• _What you have to do_
Output exactly the lines from the line with "this 1932×1932 image." through the end of the records below. Include nothing else.

────────────────

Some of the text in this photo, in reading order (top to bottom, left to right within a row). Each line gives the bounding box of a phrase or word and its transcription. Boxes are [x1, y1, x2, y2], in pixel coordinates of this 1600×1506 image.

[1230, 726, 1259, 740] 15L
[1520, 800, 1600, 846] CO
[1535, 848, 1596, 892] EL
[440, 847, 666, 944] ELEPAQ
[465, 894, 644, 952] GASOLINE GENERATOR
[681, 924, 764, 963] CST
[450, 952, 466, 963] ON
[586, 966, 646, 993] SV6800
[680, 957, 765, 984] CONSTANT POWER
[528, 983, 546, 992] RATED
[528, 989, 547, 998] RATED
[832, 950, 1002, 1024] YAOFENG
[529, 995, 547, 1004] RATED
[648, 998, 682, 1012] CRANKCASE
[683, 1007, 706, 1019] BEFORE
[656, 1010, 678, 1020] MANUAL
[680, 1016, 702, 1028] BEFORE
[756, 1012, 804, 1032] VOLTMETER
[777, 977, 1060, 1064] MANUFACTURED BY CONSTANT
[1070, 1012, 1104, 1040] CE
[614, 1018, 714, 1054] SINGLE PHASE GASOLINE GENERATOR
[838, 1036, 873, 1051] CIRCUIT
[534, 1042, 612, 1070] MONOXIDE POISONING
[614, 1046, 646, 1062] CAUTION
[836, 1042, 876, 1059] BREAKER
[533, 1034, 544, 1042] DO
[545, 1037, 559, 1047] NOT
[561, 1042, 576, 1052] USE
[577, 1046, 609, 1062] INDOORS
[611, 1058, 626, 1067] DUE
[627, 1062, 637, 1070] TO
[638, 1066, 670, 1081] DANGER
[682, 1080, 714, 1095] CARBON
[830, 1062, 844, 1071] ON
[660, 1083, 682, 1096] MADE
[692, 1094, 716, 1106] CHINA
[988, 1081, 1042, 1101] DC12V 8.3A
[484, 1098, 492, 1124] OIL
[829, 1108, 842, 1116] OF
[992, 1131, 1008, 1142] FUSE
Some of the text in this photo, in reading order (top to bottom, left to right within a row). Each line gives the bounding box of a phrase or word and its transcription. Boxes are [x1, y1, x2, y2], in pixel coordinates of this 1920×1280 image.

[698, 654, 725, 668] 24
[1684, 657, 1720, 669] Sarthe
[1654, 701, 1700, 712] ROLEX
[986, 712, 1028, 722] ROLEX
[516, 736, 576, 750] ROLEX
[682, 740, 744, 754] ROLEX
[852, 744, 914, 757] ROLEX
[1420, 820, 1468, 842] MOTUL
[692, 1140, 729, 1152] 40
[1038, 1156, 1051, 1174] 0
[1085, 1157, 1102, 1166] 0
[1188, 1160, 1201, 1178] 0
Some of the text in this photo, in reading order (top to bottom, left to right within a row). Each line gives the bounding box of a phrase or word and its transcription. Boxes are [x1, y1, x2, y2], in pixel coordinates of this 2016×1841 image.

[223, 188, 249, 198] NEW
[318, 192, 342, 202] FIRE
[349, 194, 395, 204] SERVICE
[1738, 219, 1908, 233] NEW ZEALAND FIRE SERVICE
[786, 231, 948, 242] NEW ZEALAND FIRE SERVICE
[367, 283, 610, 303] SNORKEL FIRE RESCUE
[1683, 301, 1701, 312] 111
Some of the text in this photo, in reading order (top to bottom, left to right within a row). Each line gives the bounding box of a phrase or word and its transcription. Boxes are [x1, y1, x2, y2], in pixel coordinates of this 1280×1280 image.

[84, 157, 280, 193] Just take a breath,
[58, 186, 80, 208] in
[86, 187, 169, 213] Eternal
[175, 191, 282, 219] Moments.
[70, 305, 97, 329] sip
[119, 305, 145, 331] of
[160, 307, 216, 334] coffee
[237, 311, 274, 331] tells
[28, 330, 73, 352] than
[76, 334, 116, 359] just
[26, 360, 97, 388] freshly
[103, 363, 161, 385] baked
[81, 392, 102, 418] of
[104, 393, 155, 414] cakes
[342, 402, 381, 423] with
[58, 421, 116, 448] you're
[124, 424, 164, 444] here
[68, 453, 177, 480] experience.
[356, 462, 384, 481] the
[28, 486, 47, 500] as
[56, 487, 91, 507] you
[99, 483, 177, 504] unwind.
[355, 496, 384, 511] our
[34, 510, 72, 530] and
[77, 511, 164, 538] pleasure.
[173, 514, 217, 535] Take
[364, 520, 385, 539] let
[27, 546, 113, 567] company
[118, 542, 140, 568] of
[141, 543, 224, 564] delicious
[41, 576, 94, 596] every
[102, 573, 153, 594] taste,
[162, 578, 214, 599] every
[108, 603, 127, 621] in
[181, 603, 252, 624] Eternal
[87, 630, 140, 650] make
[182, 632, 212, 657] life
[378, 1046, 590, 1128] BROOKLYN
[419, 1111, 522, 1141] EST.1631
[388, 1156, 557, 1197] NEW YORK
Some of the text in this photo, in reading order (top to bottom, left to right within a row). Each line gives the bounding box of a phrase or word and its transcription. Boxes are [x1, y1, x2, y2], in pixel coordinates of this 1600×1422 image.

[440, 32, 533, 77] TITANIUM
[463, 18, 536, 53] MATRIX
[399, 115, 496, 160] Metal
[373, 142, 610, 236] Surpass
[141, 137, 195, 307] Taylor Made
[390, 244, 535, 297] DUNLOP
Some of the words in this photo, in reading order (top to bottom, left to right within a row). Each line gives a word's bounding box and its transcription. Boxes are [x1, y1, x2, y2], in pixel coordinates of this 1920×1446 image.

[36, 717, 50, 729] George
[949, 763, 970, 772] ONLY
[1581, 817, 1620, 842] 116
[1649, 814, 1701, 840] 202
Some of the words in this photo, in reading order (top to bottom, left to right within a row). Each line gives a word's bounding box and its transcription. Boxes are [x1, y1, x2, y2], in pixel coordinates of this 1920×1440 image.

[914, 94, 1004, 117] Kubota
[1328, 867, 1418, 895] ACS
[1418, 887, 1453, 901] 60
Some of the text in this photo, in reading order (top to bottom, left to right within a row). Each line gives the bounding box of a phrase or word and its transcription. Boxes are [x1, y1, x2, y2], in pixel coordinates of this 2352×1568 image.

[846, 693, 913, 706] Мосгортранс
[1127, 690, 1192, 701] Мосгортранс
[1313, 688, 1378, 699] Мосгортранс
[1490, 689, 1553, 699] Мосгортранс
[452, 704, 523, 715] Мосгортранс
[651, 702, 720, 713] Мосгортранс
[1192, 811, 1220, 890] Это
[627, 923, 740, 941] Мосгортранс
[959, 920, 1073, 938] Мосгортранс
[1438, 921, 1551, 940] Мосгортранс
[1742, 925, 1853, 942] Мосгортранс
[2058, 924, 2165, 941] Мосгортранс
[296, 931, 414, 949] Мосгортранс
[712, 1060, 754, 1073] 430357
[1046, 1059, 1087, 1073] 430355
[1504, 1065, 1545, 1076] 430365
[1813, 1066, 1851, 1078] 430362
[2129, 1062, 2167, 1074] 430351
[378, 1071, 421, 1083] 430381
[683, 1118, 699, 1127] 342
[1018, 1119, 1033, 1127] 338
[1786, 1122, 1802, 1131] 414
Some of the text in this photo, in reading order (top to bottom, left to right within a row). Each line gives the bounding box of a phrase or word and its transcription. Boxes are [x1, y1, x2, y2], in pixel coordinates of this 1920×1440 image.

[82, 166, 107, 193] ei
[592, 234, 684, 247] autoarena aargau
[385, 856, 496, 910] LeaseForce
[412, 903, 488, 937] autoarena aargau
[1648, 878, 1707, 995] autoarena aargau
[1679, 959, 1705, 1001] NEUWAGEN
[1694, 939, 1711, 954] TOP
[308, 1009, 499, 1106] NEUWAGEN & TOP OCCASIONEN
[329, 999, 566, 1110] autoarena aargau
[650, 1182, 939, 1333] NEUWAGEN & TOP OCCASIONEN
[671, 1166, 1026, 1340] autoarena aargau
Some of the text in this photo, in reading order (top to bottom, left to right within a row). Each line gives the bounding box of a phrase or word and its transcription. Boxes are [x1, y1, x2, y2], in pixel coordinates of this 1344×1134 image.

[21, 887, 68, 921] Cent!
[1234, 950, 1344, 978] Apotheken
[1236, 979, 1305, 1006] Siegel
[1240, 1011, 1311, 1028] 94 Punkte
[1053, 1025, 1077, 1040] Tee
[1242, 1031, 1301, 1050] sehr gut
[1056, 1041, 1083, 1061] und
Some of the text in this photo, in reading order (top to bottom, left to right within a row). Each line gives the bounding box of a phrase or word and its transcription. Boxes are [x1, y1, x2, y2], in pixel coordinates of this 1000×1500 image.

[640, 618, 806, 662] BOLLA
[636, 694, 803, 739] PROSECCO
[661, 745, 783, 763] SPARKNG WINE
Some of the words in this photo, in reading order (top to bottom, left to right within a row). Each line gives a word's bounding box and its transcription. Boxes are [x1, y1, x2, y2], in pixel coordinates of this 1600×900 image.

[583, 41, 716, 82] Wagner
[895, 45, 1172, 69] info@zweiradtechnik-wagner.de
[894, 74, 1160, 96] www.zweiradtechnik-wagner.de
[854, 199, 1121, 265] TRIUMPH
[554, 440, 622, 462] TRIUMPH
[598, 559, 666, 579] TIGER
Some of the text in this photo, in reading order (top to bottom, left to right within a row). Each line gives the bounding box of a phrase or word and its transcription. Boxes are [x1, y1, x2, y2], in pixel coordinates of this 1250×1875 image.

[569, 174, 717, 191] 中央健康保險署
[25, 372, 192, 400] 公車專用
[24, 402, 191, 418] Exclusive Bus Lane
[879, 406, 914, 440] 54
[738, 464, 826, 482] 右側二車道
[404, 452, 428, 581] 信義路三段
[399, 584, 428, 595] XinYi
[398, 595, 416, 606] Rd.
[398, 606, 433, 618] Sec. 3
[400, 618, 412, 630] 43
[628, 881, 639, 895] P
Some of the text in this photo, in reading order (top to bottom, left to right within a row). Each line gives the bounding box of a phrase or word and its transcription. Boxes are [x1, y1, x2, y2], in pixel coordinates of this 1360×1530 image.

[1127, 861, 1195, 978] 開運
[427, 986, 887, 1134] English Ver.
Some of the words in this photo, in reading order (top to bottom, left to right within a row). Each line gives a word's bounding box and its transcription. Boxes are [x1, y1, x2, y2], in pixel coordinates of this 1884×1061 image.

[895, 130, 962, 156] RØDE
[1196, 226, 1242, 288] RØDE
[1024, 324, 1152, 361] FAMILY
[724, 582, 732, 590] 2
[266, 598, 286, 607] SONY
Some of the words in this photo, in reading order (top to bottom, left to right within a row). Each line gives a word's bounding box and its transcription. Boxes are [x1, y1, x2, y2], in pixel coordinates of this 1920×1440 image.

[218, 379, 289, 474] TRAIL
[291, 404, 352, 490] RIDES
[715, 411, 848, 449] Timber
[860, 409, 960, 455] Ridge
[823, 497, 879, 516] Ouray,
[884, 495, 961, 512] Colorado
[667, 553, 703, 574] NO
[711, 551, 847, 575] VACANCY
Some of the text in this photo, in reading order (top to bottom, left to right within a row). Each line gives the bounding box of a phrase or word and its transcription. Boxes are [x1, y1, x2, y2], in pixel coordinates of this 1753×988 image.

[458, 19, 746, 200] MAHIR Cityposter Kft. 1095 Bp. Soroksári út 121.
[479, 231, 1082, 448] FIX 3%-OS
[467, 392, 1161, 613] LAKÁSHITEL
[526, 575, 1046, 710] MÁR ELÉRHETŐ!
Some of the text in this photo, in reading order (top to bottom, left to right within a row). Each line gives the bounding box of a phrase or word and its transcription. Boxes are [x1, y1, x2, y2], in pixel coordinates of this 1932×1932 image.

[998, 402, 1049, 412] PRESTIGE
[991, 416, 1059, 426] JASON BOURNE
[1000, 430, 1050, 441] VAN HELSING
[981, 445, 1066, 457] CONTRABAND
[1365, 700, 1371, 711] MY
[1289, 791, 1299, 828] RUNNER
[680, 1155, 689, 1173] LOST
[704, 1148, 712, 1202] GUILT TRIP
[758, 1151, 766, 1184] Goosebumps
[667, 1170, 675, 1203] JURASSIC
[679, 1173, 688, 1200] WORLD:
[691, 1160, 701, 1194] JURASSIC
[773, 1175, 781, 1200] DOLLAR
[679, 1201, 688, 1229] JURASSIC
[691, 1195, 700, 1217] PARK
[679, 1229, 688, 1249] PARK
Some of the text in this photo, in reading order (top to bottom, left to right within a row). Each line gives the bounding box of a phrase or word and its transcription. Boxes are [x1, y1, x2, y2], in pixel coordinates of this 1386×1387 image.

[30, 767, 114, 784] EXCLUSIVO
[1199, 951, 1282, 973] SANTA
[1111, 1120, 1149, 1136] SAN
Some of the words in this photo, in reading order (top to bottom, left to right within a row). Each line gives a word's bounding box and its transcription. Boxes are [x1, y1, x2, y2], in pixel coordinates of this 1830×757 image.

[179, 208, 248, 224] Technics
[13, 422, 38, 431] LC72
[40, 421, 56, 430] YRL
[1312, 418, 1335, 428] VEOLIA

────────────────

• _Output for this task_
Some of the text in this photo, in reading order (top to bottom, left to right within a row). Each line gives the bounding box of a phrase or word and its transcription. Boxes are [x1, y1, x2, y2], in pixel coordinates of this 1932×1932 image.

[998, 402, 1049, 412] PRESTIGE
[991, 416, 1059, 426] JASON BOURNE
[1000, 430, 1050, 441] VAN HELSING
[981, 445, 1066, 457] CONTRABAND
[1365, 700, 1371, 711] MY
[1289, 791, 1299, 828] RUNNER
[680, 1155, 689, 1173] LOST
[704, 1148, 712, 1202] GUILT TRIP
[758, 1151, 766, 1184] Goosebumps
[667, 1170, 675, 1203] JURASSIC
[679, 1173, 688, 1200] WORLD:
[691, 1160, 701, 1194] JURASSIC
[773, 1175, 781, 1200] DOLLAR
[679, 1201, 688, 1229] JURASSIC
[691, 1195, 700, 1217] PARK
[679, 1229, 688, 1249] PARK
Some of the text in this photo, in reading order (top to bottom, left to right within a row). Each line gives the bounding box of a phrase or word and its transcription. Boxes are [x1, y1, x2, y2], in pixel coordinates of this 1386×1387 image.

[30, 767, 114, 784] EXCLUSIVO
[1199, 951, 1282, 973] SANTA
[1111, 1120, 1149, 1136] SAN
Some of the words in this photo, in reading order (top to bottom, left to right within a row). Each line gives a word's bounding box and its transcription. Boxes are [x1, y1, x2, y2], in pixel coordinates of this 1830×757 image.

[179, 208, 248, 224] Technics
[13, 422, 38, 431] LC72
[40, 421, 56, 430] YRL
[1312, 418, 1335, 428] VEOLIA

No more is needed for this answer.